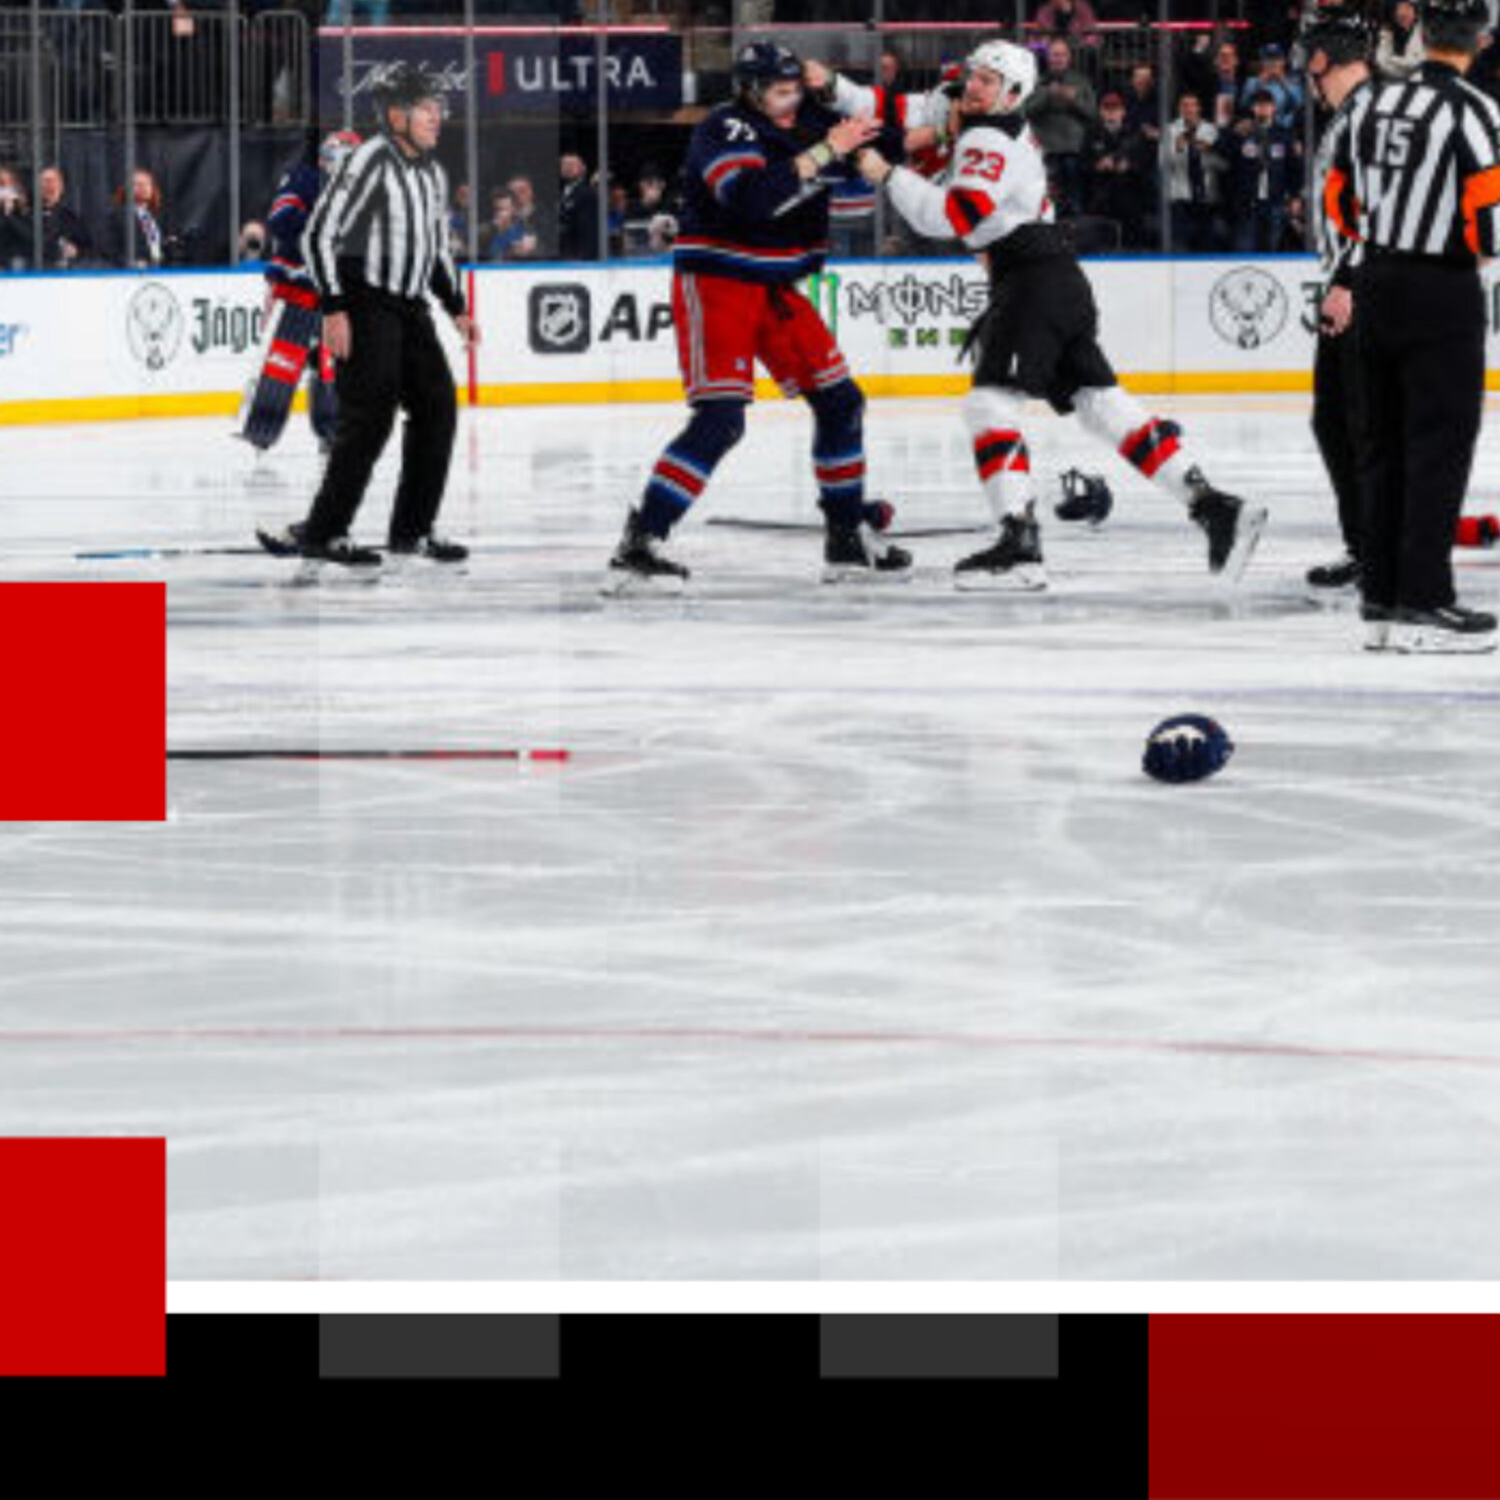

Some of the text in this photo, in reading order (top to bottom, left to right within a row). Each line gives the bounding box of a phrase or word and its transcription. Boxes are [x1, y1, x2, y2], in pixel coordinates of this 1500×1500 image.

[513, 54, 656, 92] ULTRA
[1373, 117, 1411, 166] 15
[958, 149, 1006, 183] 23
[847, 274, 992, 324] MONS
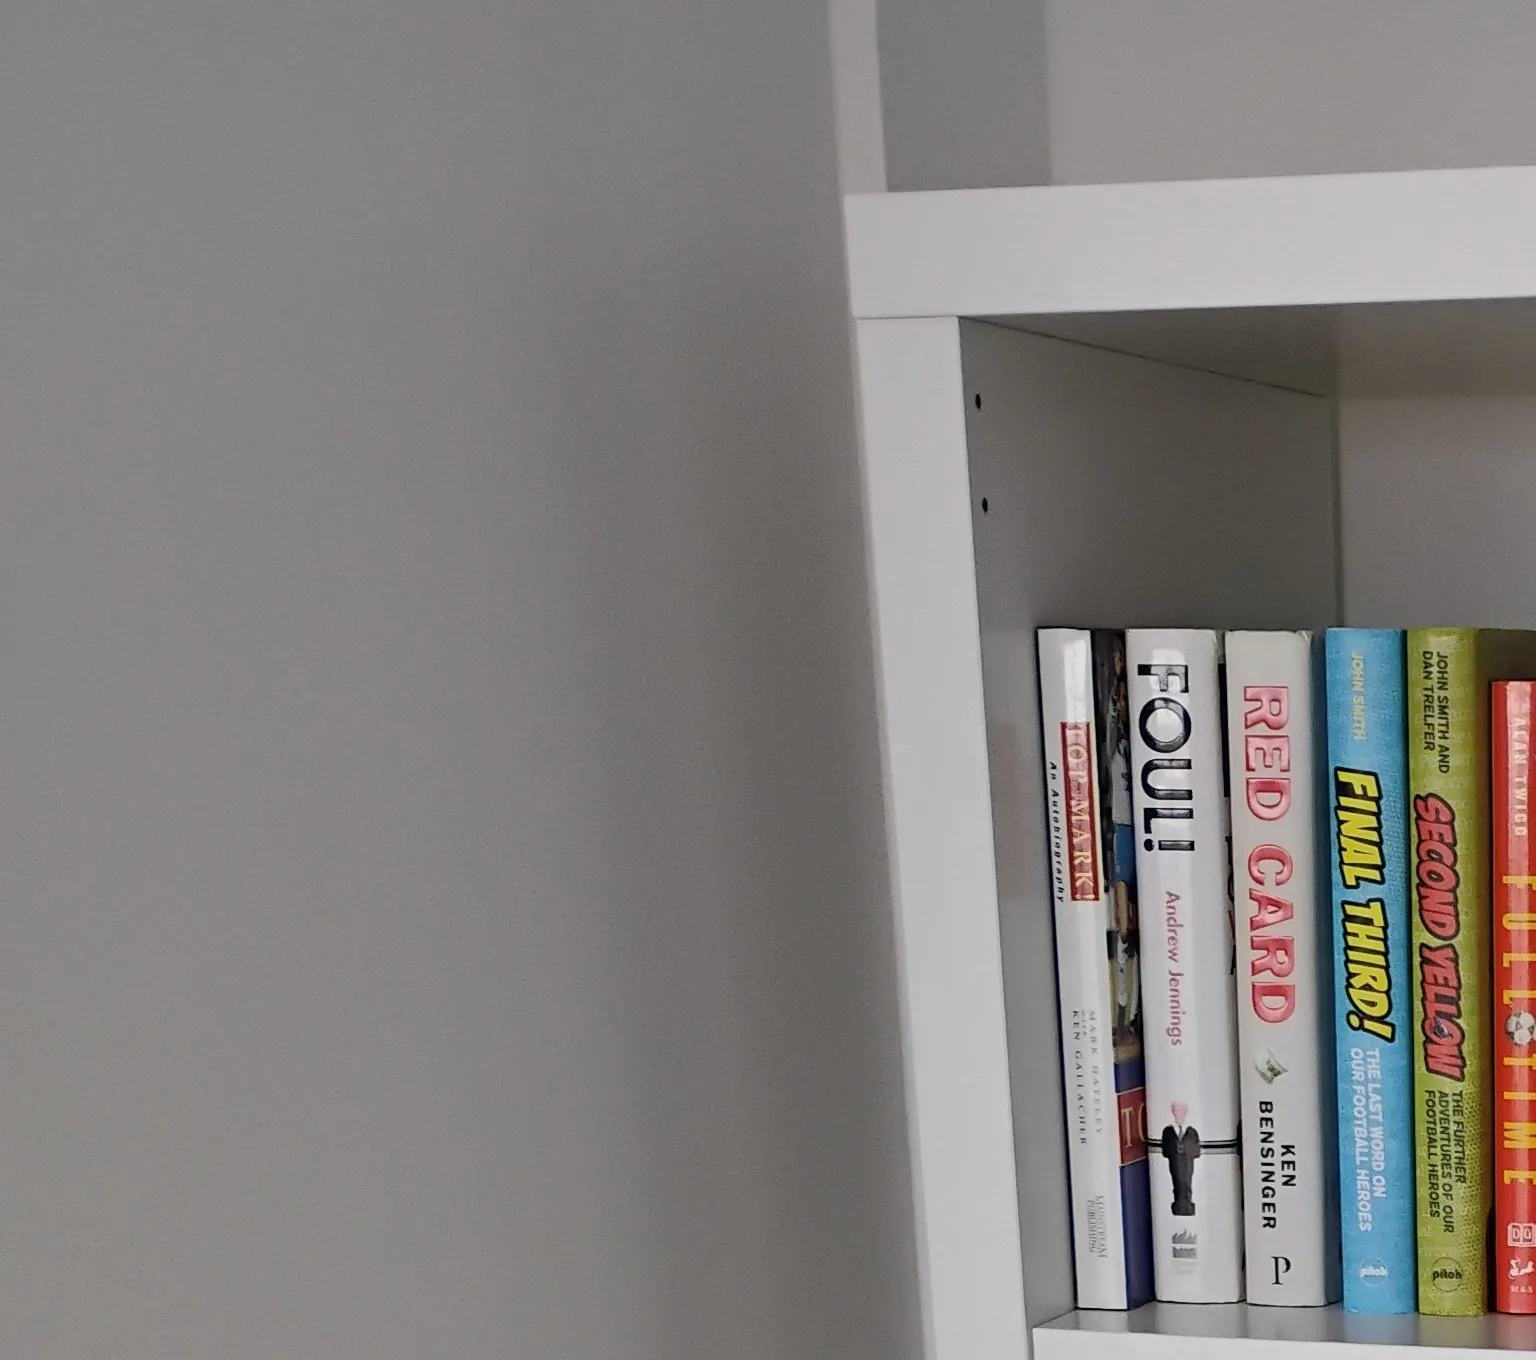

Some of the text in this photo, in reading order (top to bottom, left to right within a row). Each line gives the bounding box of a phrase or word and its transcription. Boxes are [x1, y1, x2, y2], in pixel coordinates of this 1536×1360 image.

************

** Work task **
Output the listing exactly, without images.

** Task solution **
Some of the text in this photo, in reading order (top to bottom, left to right within a row). Each line gives the bounding box of a phrase or word and its transcription. Boxes are [x1, y1, x2, y2], in pixel coordinates of this 1500×1500 image.

[513, 54, 656, 92] ULTRA
[1373, 117, 1411, 166] 15
[958, 149, 1006, 183] 23
[847, 274, 992, 324] MONS

Some of the text in this photo, in reading order (top to bottom, left to right within a row). Each line gives the bounding box of a phrase or word and its transcription. Boxes are [x1, y1, x2, y2], in pixel coordinates of this 1536×1360 image.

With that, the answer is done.